Встал Колыванов, уперся обоими кулаками в стол, пошатался чуть заметно, словно убеждаясь: прочно ли устроился? Произнес тихо, но уверенно:
— Товарищи! Мы собрались сегодня, чтоб совместно обсудить ряд назревших и неотложных вопросов. А вначале коротенькое сообщение, как мне кажется, впрямую связанное с тем, о чем нам и предстоит говорить. На котельном участке наблюдается нервозность и суета. То и дело там рвется график, по необъяснимым причинам затеваются мелкие конфликты, просто перебранка. Это мешает видеть главное. Говоря понятнее, это новая завеса, для некоей маскировки. Сегодня директор высказал опасение, что с тринадцатым поездом мы вовремя не выйдем, а четырнадцатый придется брать штурмом.
— У гадалки он об этом справлялся? — подал реплику Захар Корнеевич. — По котельному все идет планомерно.
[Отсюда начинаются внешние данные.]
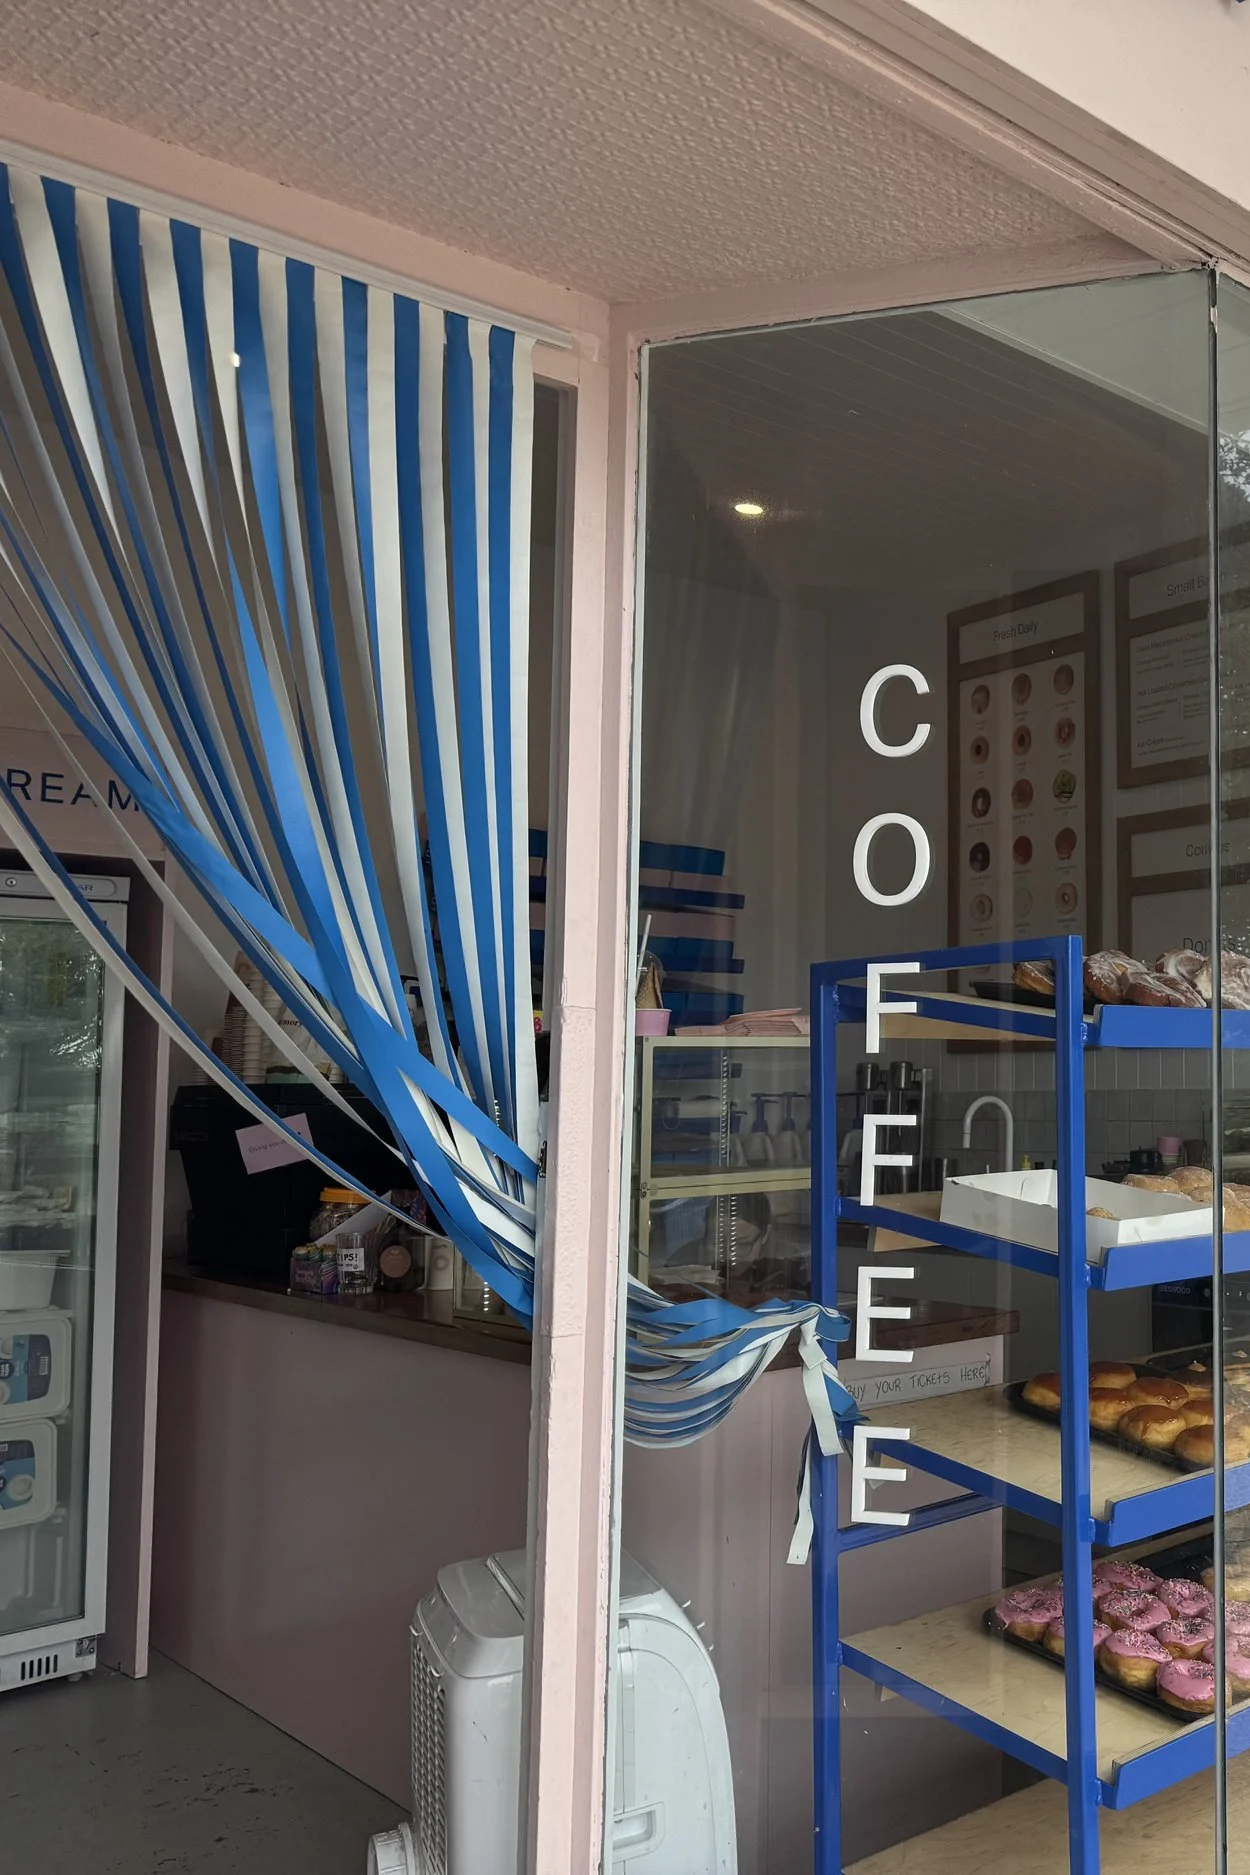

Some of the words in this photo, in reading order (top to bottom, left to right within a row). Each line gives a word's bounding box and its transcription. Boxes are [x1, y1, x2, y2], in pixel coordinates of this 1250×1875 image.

— Не все! — резко оборвал Колыванов. — Точнее, если не в обиду примете, ничего не идет у вас планомерно. Доказать? Ну, ну, я ж сказал, не обижайтесь. Моя ответственность вместе с вашей. И дальше, но теперь о том, ради чего мы собрались.
Никому и в голову не пришло бы, что пять минут назад Колыванов вовсе не знал, как быть, что говорить, как говорить на первом этом совещании? Колосков смотрел на Колыванова озадаченно и незаметно, не для него, одобрительно кивал. И хотя начальник цеха еще не подступил к тому главному, о чем тут шла речь пять минут назад, видно было, что он готов и скажет правильно.
— Почему на котельном до сих пор не освоили электросварки тонкостенных труб? — мягко, ни к кому не обращаясь, спросил Колыванов. — Ответить просто: не успели. Или по-иному как, но нужен не ответ, нужно дело. Кто дал вам право, товарищ Мошкара, вырезать пробный стык, сваренный Стрельцовым с ведома и согласия всех компетентных инстанций?
— Технокарта мне дала такое право, — не открывая глаз и не шелохнувшись, ответил Мошкара. Стало ясно: он готов к сражению, он знает, что главное впереди, и потому бережет силы.
— На разрешении подпись главного технолога, — напомнил Колыванов. — Неужели вы считаете…
— Технокарту делал не наш главный технолог, — напомнил Мошкара. Стало еще яснее. Он не намерен ни в чем уступать, он знает силу своих позиций. — Будет поправка законная, приму, не будет — не надо меня стращать.
— Вот так, — указал Колыванов на Мошкару. — Позиция дзота.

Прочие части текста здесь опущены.